The Singletons had chalked up a long list of rather troubling transgressions. The first of these was that the couple had married and had at least one child despite the fact that Margaret – ‘with a woman’s levity’ – had taken a vow of chastity. In the late fifteenth century, it was not uncommon for English widows to vow chastity without taking the accompanying monastic vows of poverty and obedience. These women, known as vowesses, typically read their vow before a bishop who bestowed upon them a ring, a mantle and often a habit or a veil. They promised nothing but to ‘live stably‘ in the chaste life they professed, but this promise was then non-negotiable. To break the vow was a serious crime.
Margaret explained her broken vow as the least sinful concession to a desire which she could not subdue or contain. But she did not explain why, after marrying Robert Singleton and bearing his child, she continued to wear her vowess’ habit. The fact that the wedding was conducted ‘per verba de presenti’ – a verbal contract with no official solemnisation – suggests that maybe the sex, and the pregnancy, predated the marriage. Or perhaps there was no priest available who was ignorant of Margaret’s vow and so could be fooled into conducting an unlawful wedding.
The story gets worse. The papal letter goes on to state that ‘in the meantime the said Robert Singleton… overcome by the weakness of the flesh, has, at the instigation of the author of all evil, carnally known a certain girl, Margaret’s daughter by her first husband and the said Robert Singleton’s step-daughter.’ This is especially startling as incest allegations were, at this time, extremely rare. Margaret’s first husband is named as Robert Bothe, but further research reveals that this is untrue. Before Bothe, Margaret was married to William Balderston, and it was Balderston who fathered her two daughters, Joan and Isabel. It is unclear which of these was ‘carnally known’ by Robert Singleton, but both were almost certainly adults by 1482. Joan herself was widowed by 1462, and was to be widowed again before she vowed herself in 1488. It is, of course, possible that the ‘girl’ in question was neither Joan nor Isabel but was indeed an underage daughter of Margaret and Robert Bothe of whom no record survives. It is also unclear, and, for ecclesiastical purposes, irrelevant, whether the sex was consensual, though there is no mention of penance for the daughter. Additionally, there is no way of deducing what was behind the united front presented by the Singletons, or how Margaret felt about what had occurred.

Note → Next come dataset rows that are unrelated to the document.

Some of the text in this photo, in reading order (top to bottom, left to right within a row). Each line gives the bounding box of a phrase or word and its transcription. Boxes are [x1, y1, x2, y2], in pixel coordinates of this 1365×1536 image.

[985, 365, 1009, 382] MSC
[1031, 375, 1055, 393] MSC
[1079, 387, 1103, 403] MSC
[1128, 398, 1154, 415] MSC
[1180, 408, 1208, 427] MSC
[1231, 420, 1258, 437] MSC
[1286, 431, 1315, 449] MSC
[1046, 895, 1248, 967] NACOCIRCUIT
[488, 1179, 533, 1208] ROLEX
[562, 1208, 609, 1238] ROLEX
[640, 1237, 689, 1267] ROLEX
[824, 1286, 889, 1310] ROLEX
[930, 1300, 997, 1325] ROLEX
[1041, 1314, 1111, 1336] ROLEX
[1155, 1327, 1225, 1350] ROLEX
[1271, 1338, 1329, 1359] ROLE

The letter adds ‘that the said Robert and Margaret deeply grieve for the said excesses, and that the incest of adultery committed by the former is secret’ – a curious choice of words, since the matter would surely not have remained a secret for long after going through the ecclesiastical courts. There is no explanation for why the Singletons sought absolution and jeopardised secrecy if they were not under pressure because the secret was already out. The Pope didn’t seem to mind these inconsistencies, however: both were absolved equally with minor penances and that, as far as the Church was concerned, was the case closed.

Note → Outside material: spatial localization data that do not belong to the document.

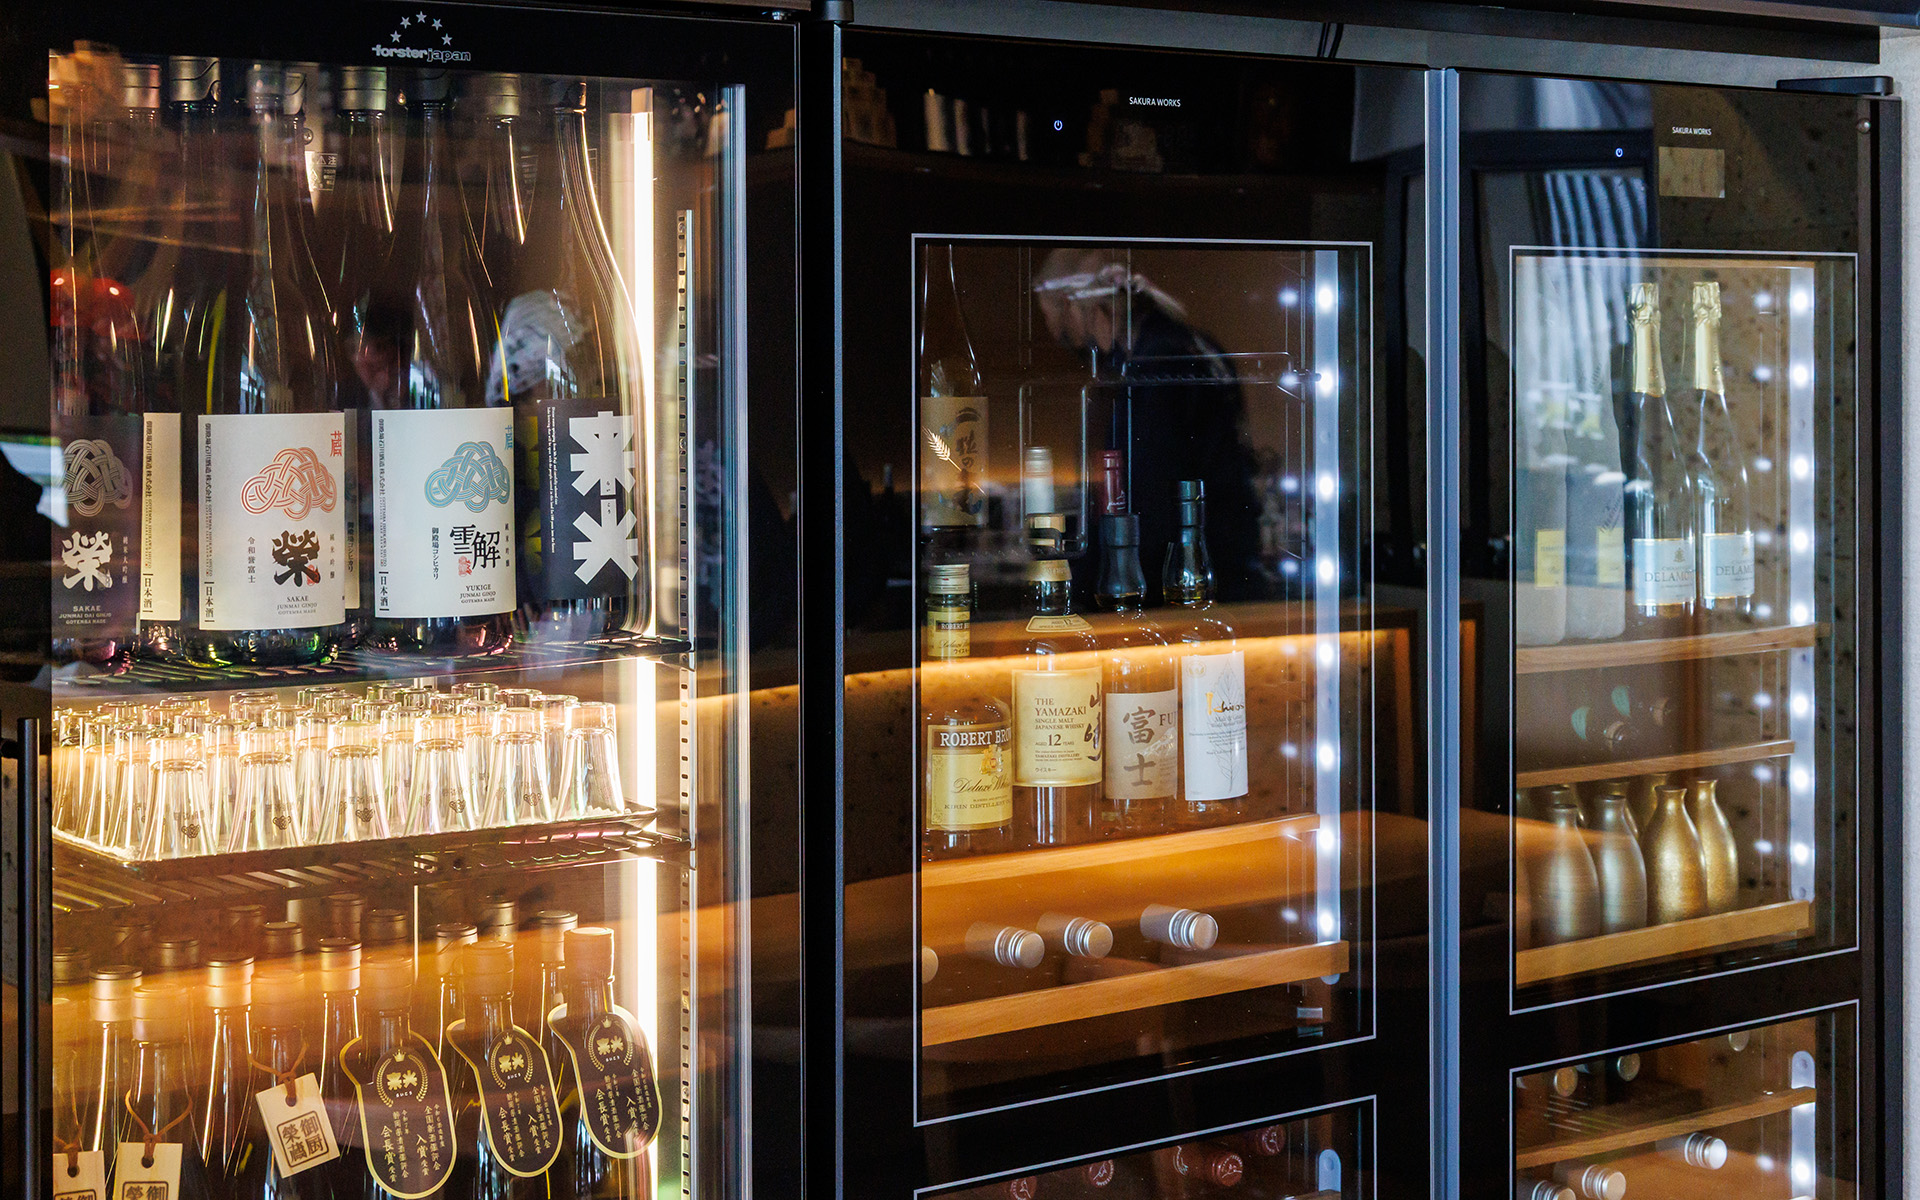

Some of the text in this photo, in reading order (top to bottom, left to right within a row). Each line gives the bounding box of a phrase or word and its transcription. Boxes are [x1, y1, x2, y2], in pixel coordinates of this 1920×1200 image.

[1129, 96, 1181, 107] SAKURA WORKS
[450, 524, 501, 570] 雪解
[248, 536, 256, 583] 令和誉富士
[144, 578, 152, 608] 日本酒
[205, 586, 214, 618] 日本酒
[1035, 698, 1054, 706] THE
[1035, 706, 1086, 716] YAMAZAKI
[940, 731, 992, 747] ROBERT
[1048, 734, 1061, 746] 12
[1123, 706, 1156, 786] 富士
[951, 778, 991, 794] Deluxe
[970, 801, 1005, 809] DISTILLERY
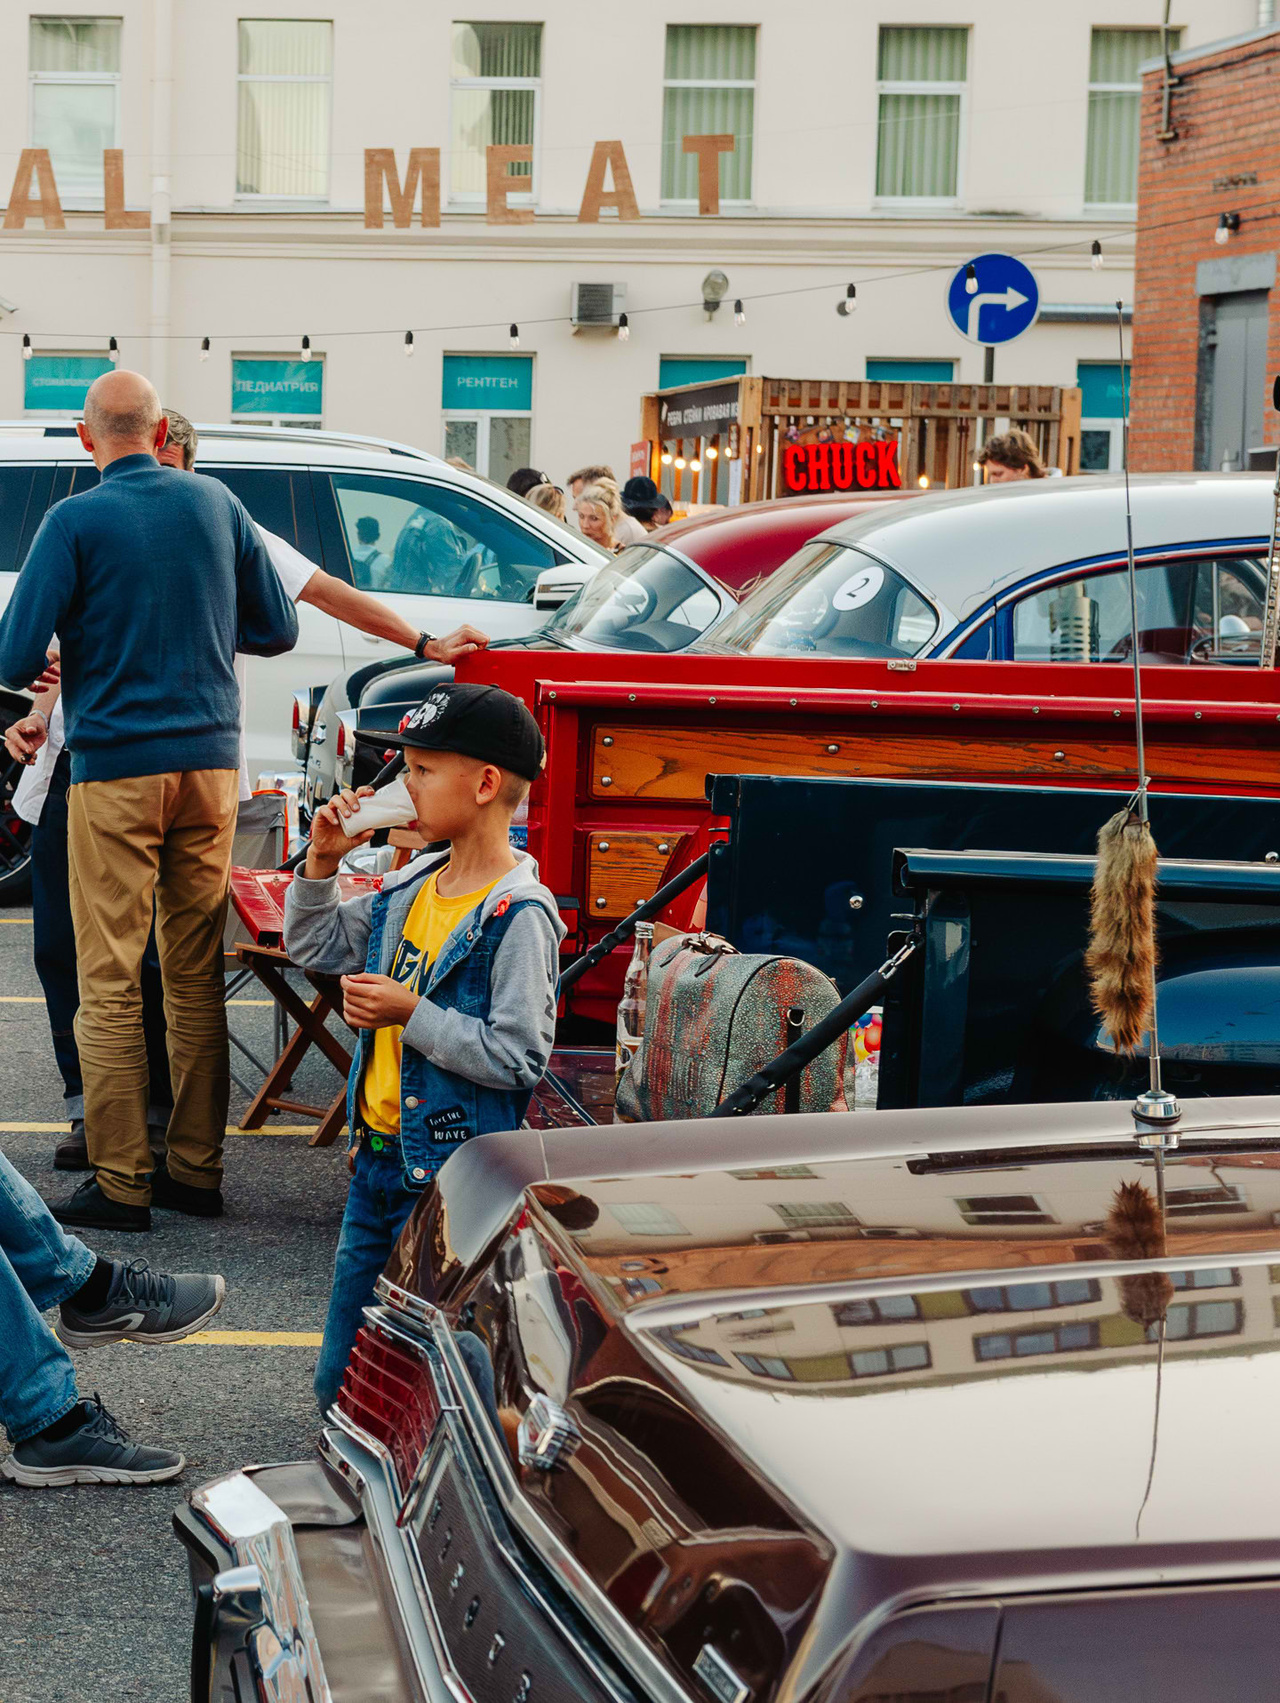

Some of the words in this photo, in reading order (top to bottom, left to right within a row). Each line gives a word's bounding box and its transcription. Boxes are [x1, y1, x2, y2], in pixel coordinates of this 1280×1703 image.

[363, 133, 735, 229] MEAT
[235, 379, 319, 394] ПЕДИАТРИЯ
[457, 376, 519, 389] РЕНТГЕН
[784, 440, 902, 492] CHUCK
[846, 577, 870, 598] 2
[434, 1129, 467, 1141] WAVE

The Singleton case, apparently so unjustly resolved, is an unusual one, and not only because of the incest which is mentioned as a virtual footnote. While there are other contemporary instances of failed vowesses, Margaret’s claims that she was powerless to resist ‘the stimulus of the flesh’ contrast sharply with the narratives presented by other married or widowed women who took similar vows. Margery Kempe, for example, described sexual intercourse as a duty joyfully relinquished once childbearing is done, and several continental matron-mystics shared her view. Margaret, on the other hand, appears to have found that a mystical union with Christ was not going to warm her toes in bed. The transition from wedded wife to sexless widow would not have been an easy or natural one for every vowess.

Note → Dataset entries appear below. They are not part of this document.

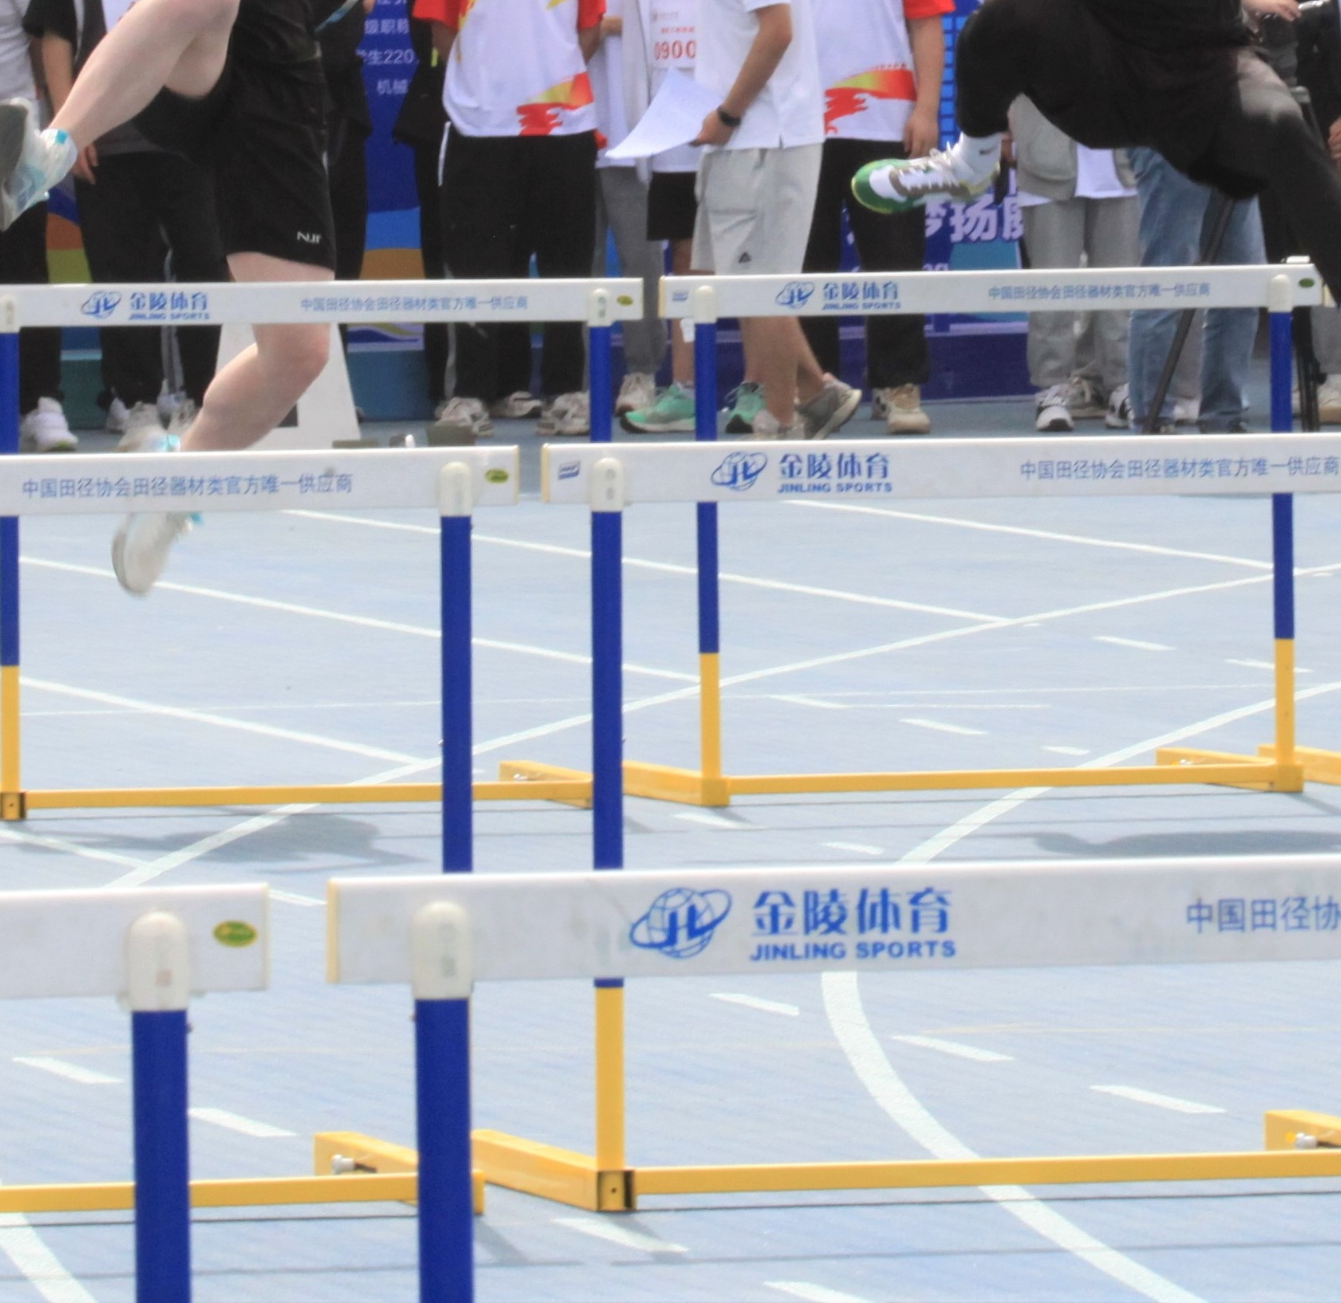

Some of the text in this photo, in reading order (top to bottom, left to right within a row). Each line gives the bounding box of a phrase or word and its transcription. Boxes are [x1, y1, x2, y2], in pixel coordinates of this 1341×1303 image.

[130, 292, 208, 312] 金陵体育
[823, 282, 899, 303] 金陵体育
[780, 453, 889, 481] 金陵体育
[1020, 456, 1339, 481] 中国田径协会田径器材类官方唯一供应商
[22, 473, 352, 499] 中国田径协会田径器材类官方唯一供应商
[778, 482, 892, 494] JINLING SPORTS
[754, 888, 949, 937] 金陵体育
[752, 940, 956, 961] JINLING SPORTS

Other women who broke their vow justified themselves very differently from Margaret Singleton. The registers of the Apostolic Penitentiary record several such instances. The Apostolic Penitentiary was (and is) the highest office in the Catholic Church concerned with sin, for crimes which can only be absolved by the cardinal penitentiary on behalf of the Pope himself. Alice Cotton sought absolution there for breaking her vow, as well as dispensation to remain married, in 1498. She pled that she vowed in her grief less than thirty days after the death of her husband, implying that her judgement was clouded by her recent bereavement. Rogeria (also called Margery) Roper also appears in these volumes, requesting to be absolved of her vow and declared free to marry in 1492 and again in 1493. She argued that she had only vowed to escape overwhelming pressure to remarry. She claimed that certain magnates were endeavouring to persuade her with ‘plots, evil persuasions and threats’, and that they were ‘unceasingly pursuing her’ so that she was ‘greatly disturbed in spirit’ and feared for her life. She presented her decision to vow as a means to ensure her personal safety.
Another intriguing case involved Jane Pole, the daughter-in-law of Margaret Plantagenet, countess of Salisbury. Jane was widowed in the late 1520s, and vowed the day after her husband’s funeral. She nonetheless married William Barentyne in 1539. A legal case was brought before the London consistory court and the marriage was declared invalid. The Barentynes fought back. Like Alice Cotton, Jane claimed that she took the vow whilst overcome with grief, ‘in exceeding great heaviness and sorrow and almost besides herself’, and thus that she didn’t fully know what she was doing.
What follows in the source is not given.